DATASET CONTENT |
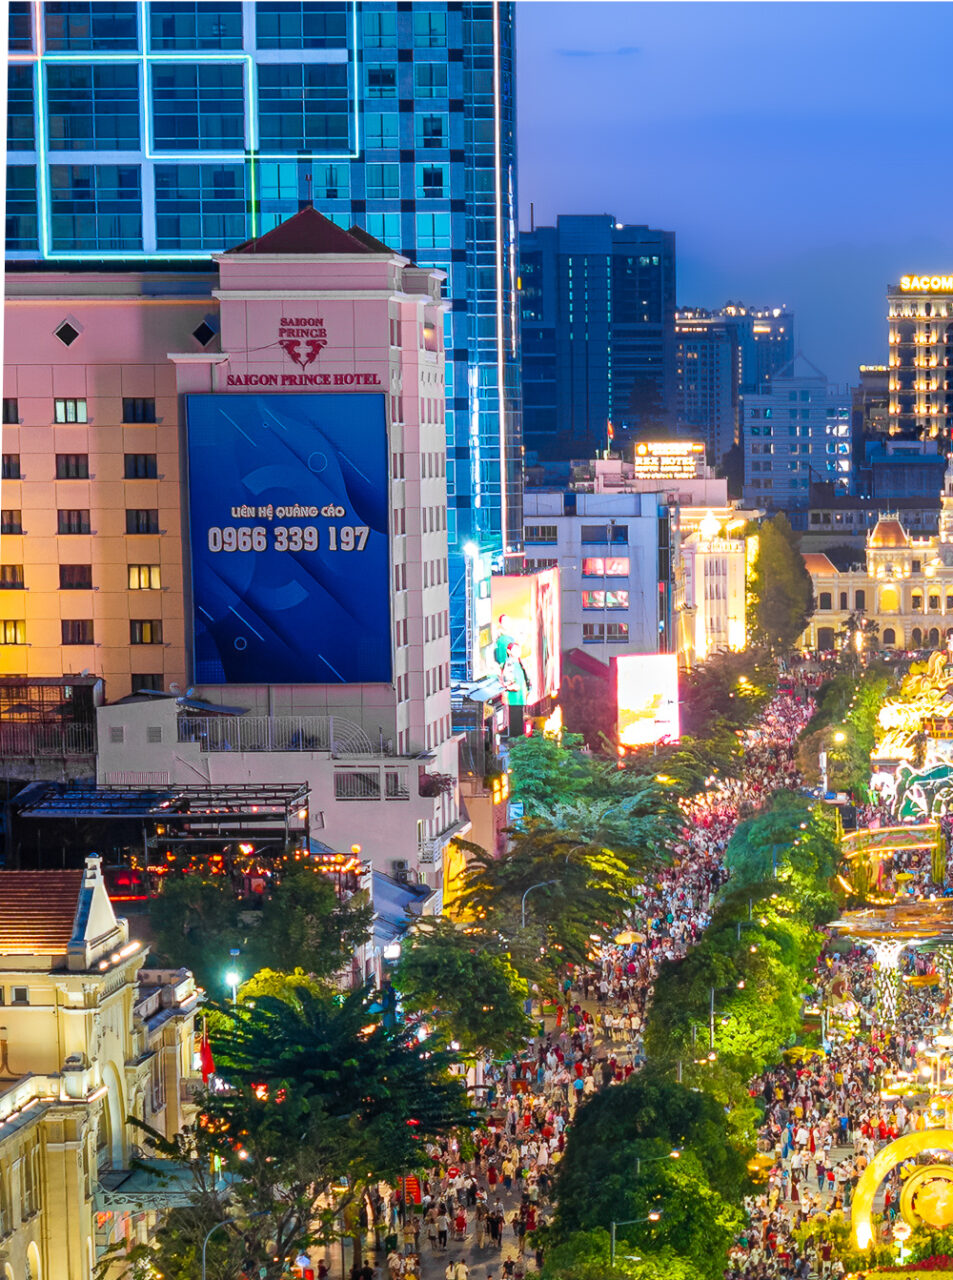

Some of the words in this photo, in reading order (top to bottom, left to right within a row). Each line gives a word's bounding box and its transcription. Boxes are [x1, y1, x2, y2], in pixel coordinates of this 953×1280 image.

[280, 317, 324, 327] SAIGON
[278, 327, 328, 338] PRINCE
[227, 373, 278, 386] SAIGON
[281, 373, 332, 386] PRINCE
[333, 373, 381, 386] HOTEL
[231, 504, 256, 518] LIÊN
[258, 503, 273, 521] HỆ
[321, 503, 346, 518] CÁO
[208, 526, 267, 552] 0966
[274, 526, 319, 552] 339
[328, 526, 370, 551] 197

WHAT IS BEING ASKED |
Make an exact printout of the listing above, omitting the images.

RESULT |
Some of the words in this photo, in reading order (top to bottom, left to right within a row). Each line gives a word's bounding box and its transcription. Boxes are [x1, y1, x2, y2], in pixel coordinates of this 953×1280 image.

[280, 317, 324, 327] SAIGON
[278, 327, 328, 338] PRINCE
[227, 373, 278, 386] SAIGON
[281, 373, 332, 386] PRINCE
[333, 373, 381, 386] HOTEL
[231, 504, 256, 518] LIÊN
[258, 503, 273, 521] HỆ
[321, 503, 346, 518] CÁO
[208, 526, 267, 552] 0966
[274, 526, 319, 552] 339
[328, 526, 370, 551] 197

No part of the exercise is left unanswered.